> **DATASET ENTRIES**
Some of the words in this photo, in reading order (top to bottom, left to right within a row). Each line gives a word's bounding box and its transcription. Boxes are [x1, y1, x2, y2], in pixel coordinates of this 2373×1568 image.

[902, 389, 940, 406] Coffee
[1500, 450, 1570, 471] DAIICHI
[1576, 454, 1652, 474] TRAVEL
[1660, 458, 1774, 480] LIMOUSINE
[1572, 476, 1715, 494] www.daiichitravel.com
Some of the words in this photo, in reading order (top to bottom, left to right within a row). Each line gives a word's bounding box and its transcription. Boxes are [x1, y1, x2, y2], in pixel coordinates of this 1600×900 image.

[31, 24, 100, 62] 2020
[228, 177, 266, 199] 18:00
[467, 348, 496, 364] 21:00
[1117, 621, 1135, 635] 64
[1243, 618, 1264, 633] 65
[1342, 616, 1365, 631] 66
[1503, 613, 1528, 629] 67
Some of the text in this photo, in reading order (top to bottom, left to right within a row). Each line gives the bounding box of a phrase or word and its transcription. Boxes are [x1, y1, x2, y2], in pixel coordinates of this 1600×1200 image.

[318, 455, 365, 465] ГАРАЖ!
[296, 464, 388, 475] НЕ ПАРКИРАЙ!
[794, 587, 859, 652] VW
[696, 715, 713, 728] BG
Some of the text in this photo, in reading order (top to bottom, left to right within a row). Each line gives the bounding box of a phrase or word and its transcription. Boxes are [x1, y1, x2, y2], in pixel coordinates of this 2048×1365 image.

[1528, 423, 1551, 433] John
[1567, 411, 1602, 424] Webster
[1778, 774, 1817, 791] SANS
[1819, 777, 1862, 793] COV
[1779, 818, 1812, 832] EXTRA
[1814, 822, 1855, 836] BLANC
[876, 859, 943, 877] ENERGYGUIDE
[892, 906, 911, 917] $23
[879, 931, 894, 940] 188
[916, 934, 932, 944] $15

> **WHAT YOU WILL DO**
What you return must match the records above exactly.

> **RESPONSE TO THIS EXERCISE**
Some of the words in this photo, in reading order (top to bottom, left to right within a row). Each line gives a word's bounding box and its transcription. Boxes are [x1, y1, x2, y2], in pixel coordinates of this 2373×1568 image.

[902, 389, 940, 406] Coffee
[1500, 450, 1570, 471] DAIICHI
[1576, 454, 1652, 474] TRAVEL
[1660, 458, 1774, 480] LIMOUSINE
[1572, 476, 1715, 494] www.daiichitravel.com
Some of the words in this photo, in reading order (top to bottom, left to right within a row). Each line gives a word's bounding box and its transcription. Boxes are [x1, y1, x2, y2], in pixel coordinates of this 1600×900 image.

[31, 24, 100, 62] 2020
[228, 177, 266, 199] 18:00
[467, 348, 496, 364] 21:00
[1117, 621, 1135, 635] 64
[1243, 618, 1264, 633] 65
[1342, 616, 1365, 631] 66
[1503, 613, 1528, 629] 67
Some of the text in this photo, in reading order (top to bottom, left to right within a row). Each line gives the bounding box of a phrase or word and its transcription. Boxes are [x1, y1, x2, y2], in pixel coordinates of this 1600×1200 image.

[318, 455, 365, 465] ГАРАЖ!
[296, 464, 388, 475] НЕ ПАРКИРАЙ!
[794, 587, 859, 652] VW
[696, 715, 713, 728] BG
Some of the text in this photo, in reading order (top to bottom, left to right within a row). Each line gives the bounding box of a phrase or word and its transcription. Boxes are [x1, y1, x2, y2], in pixel coordinates of this 2048×1365 image.

[1528, 423, 1551, 433] John
[1567, 411, 1602, 424] Webster
[1778, 774, 1817, 791] SANS
[1819, 777, 1862, 793] COV
[1779, 818, 1812, 832] EXTRA
[1814, 822, 1855, 836] BLANC
[876, 859, 943, 877] ENERGYGUIDE
[892, 906, 911, 917] $23
[879, 931, 894, 940] 188
[916, 934, 932, 944] $15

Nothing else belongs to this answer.